The Goulandris Museum of Contemporary Art is a modern art museum in Eratosthenous Street, Pangrati, Athens, Greece, opened in October 2019. It displays many of the works amassed by shipowner Basil Goulandris and his wife Elise Karadontis, who died in 1994, with an art collection valued at US$3 billion.

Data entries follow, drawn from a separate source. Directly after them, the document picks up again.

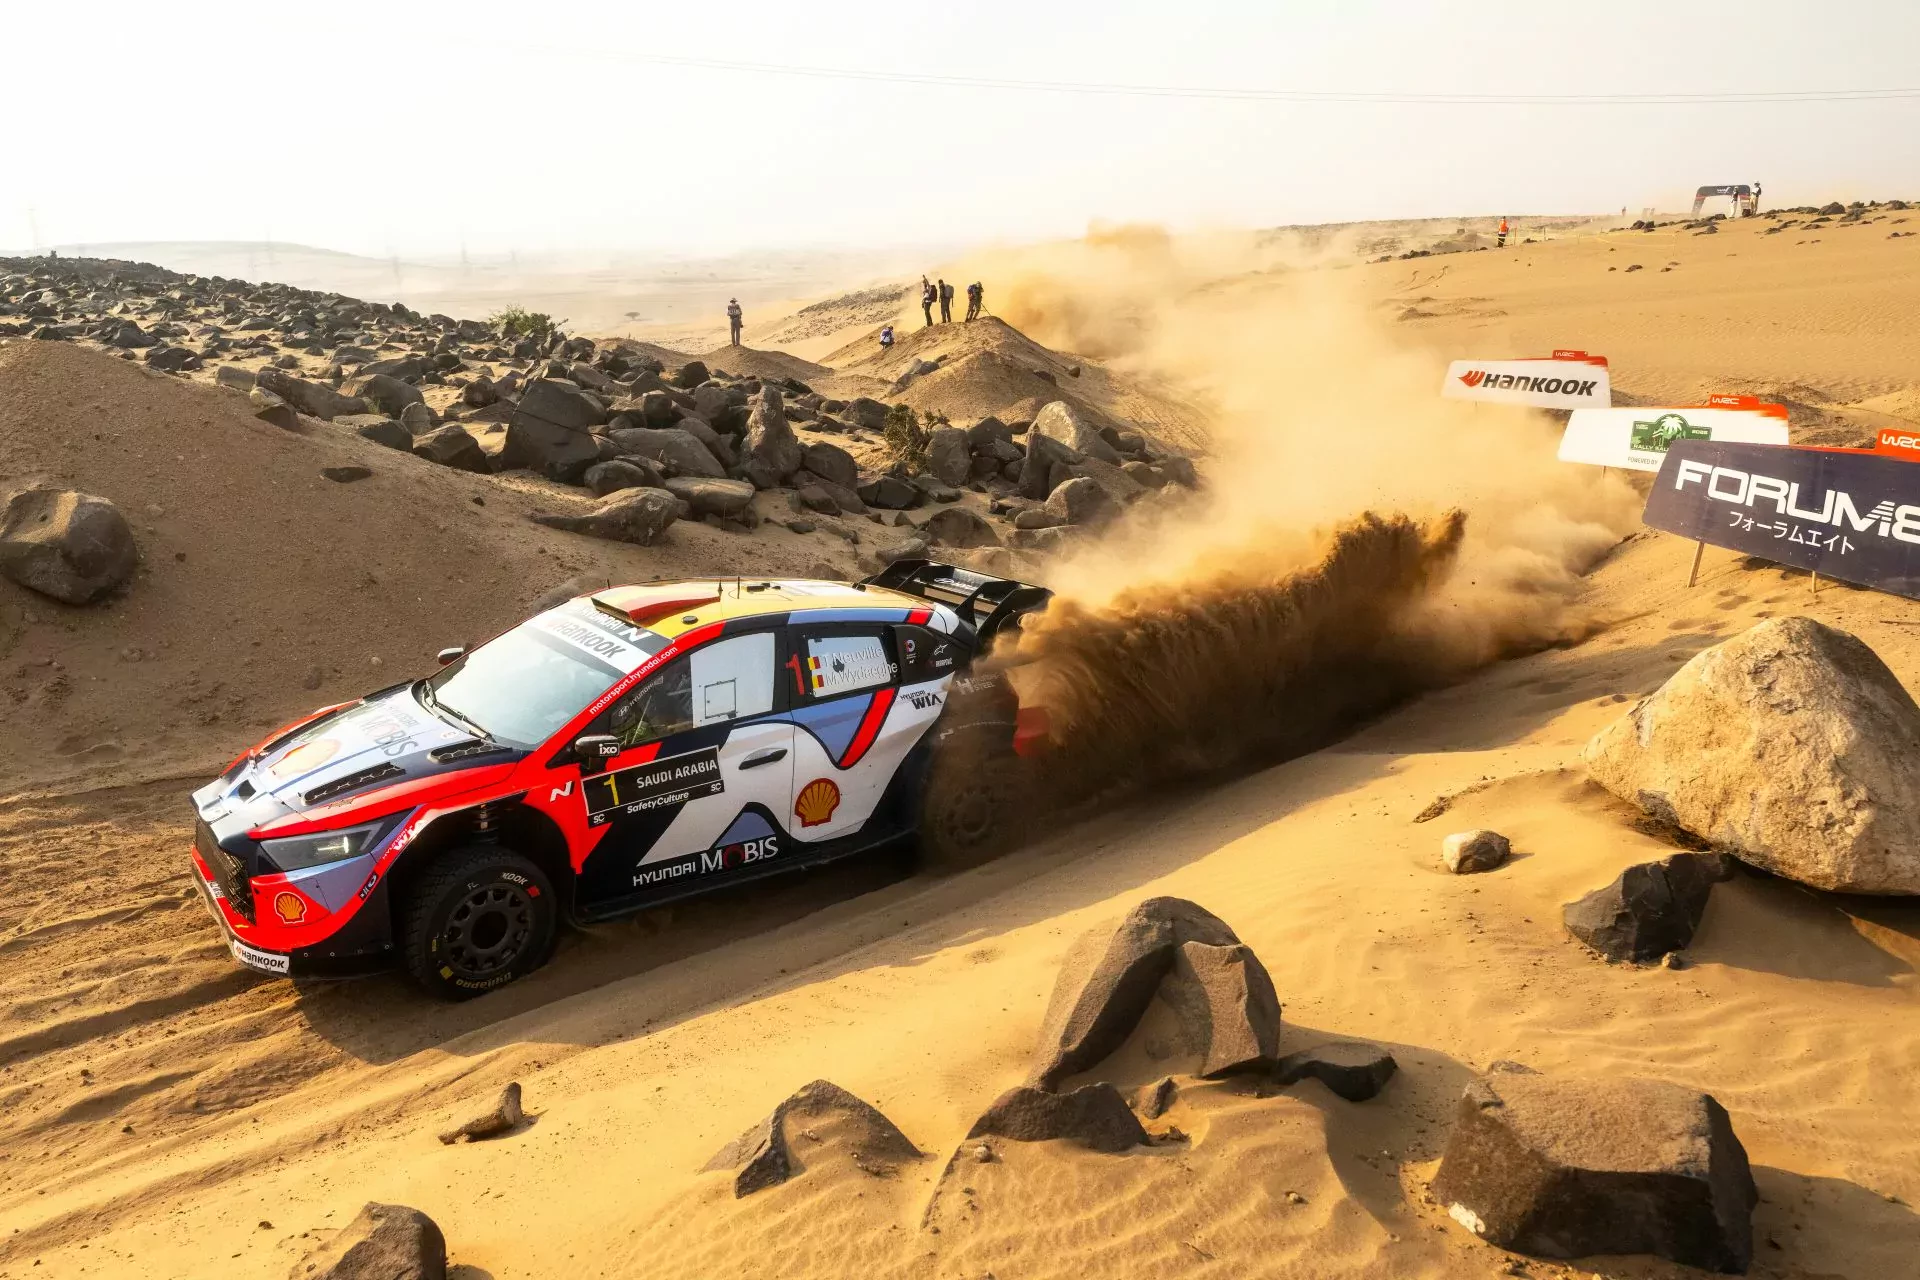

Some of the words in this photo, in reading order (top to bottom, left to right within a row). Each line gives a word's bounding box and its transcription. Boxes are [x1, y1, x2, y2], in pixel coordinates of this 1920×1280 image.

[1711, 396, 1740, 405] WRC
[1675, 459, 1920, 545] FORUM8
[1729, 511, 1855, 555] フォーラムエイト
[589, 646, 678, 714] motorsport.hyundai.com
[785, 653, 805, 696] 1
[900, 689, 926, 700] HYUNDAI
[599, 744, 618, 755] ixo
[603, 774, 620, 806] 1
[636, 770, 672, 789] SAUDI
[675, 759, 718, 779] ARABIA
[627, 791, 689, 814] SafetyCulture
[632, 861, 696, 887] HYUNDAI
[700, 836, 779, 874] MOBIS
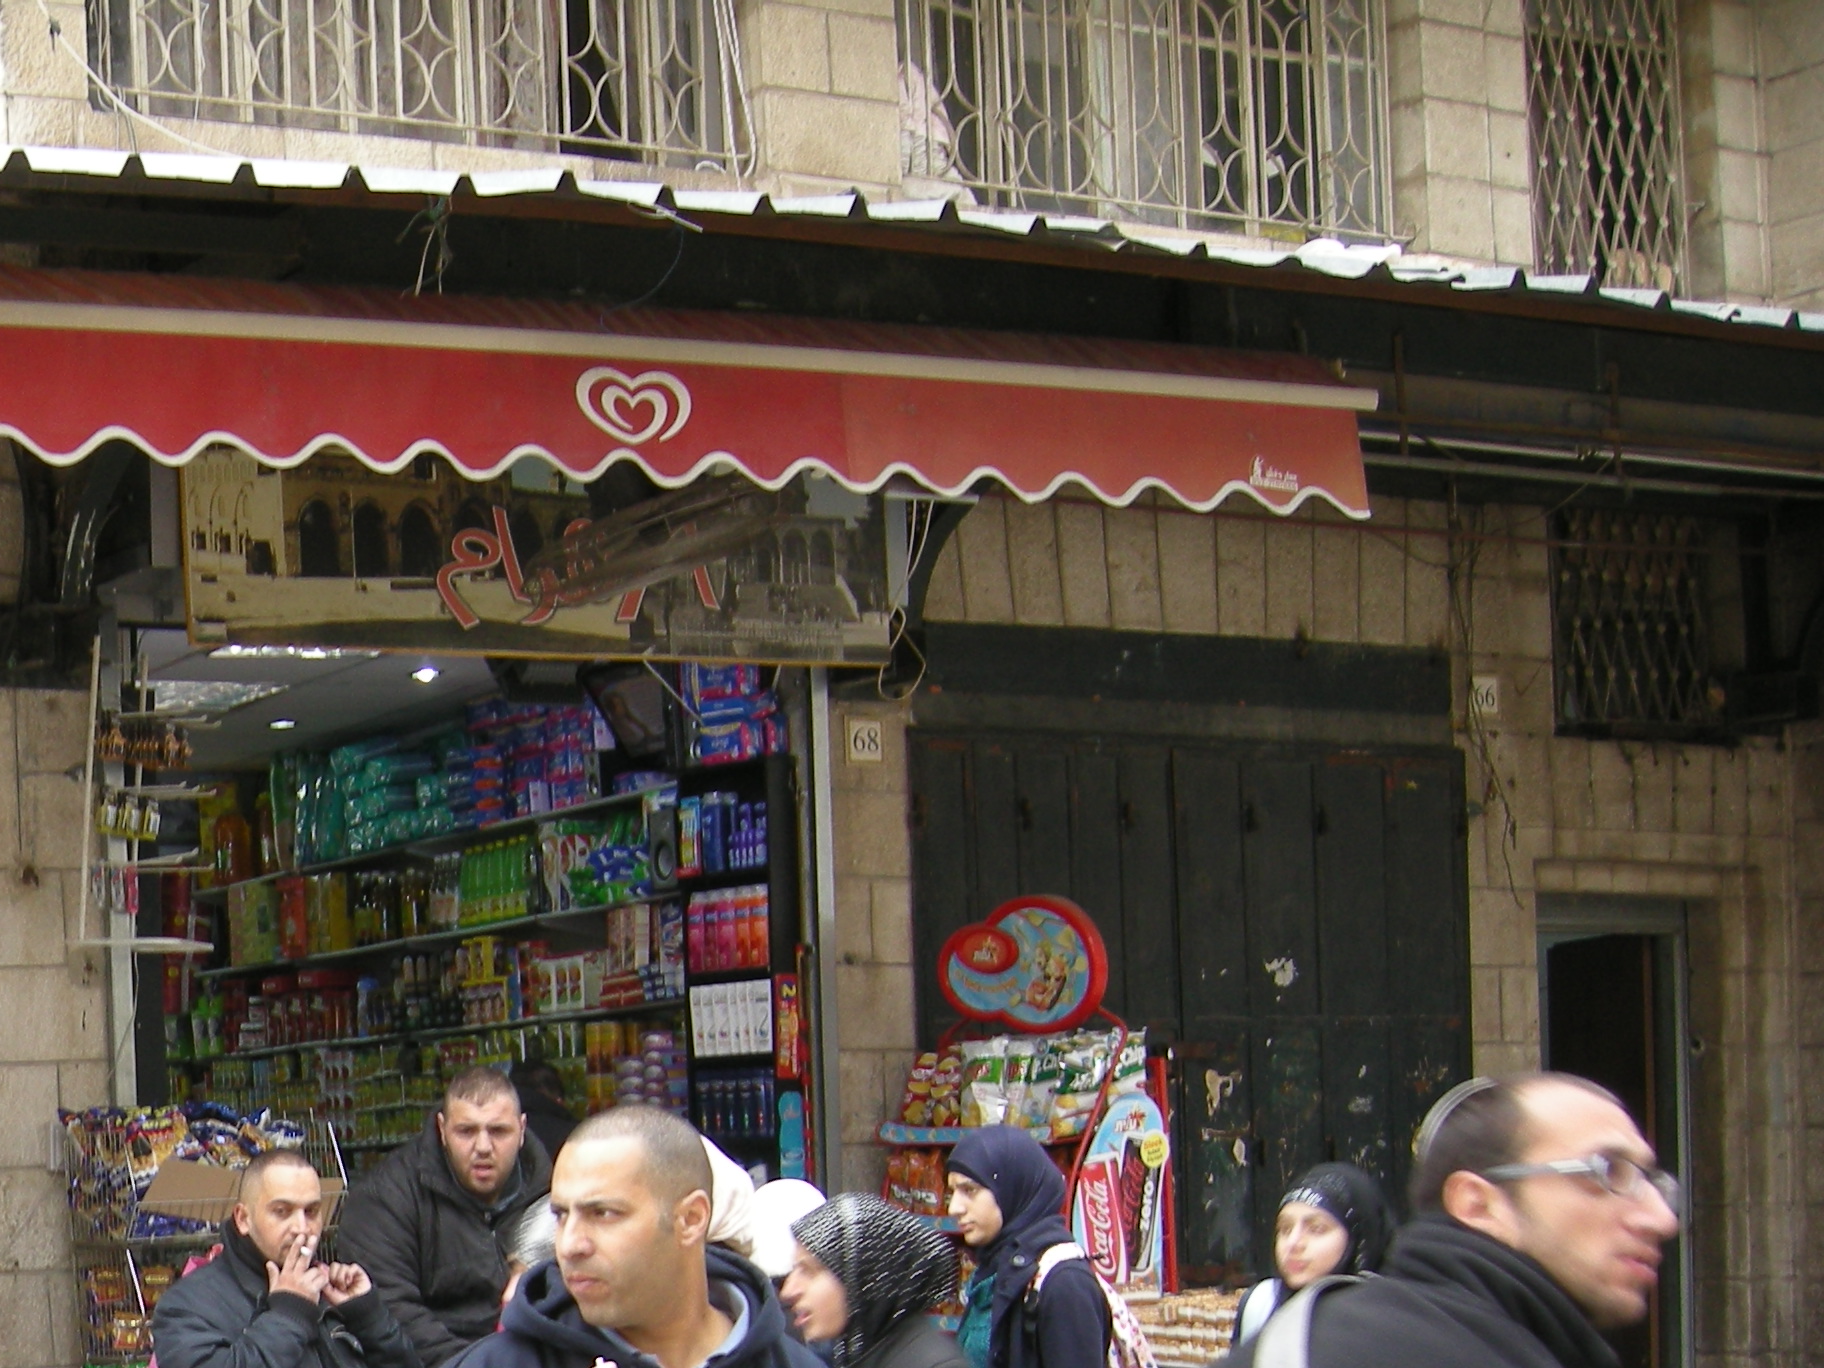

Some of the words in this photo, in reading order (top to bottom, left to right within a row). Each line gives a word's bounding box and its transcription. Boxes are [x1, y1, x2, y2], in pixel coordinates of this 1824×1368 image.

[1476, 684, 1495, 707] 66
[854, 727, 879, 751] 68
[1140, 1179, 1154, 1231] zero

It is housed in a 1920s neoclassical mansion with a ten-storey new extension (five of which are below ground). The building has a total surface area of 7,250 sq.m. and the exhibition areas cover a total of five floors; four above ground with a surface area of 1,124 sq.m., where the permanent collection is housed, and one below ground, with a surface area of 530 sq.m., which hosts temporary exhibitions of Greek and foreign artists.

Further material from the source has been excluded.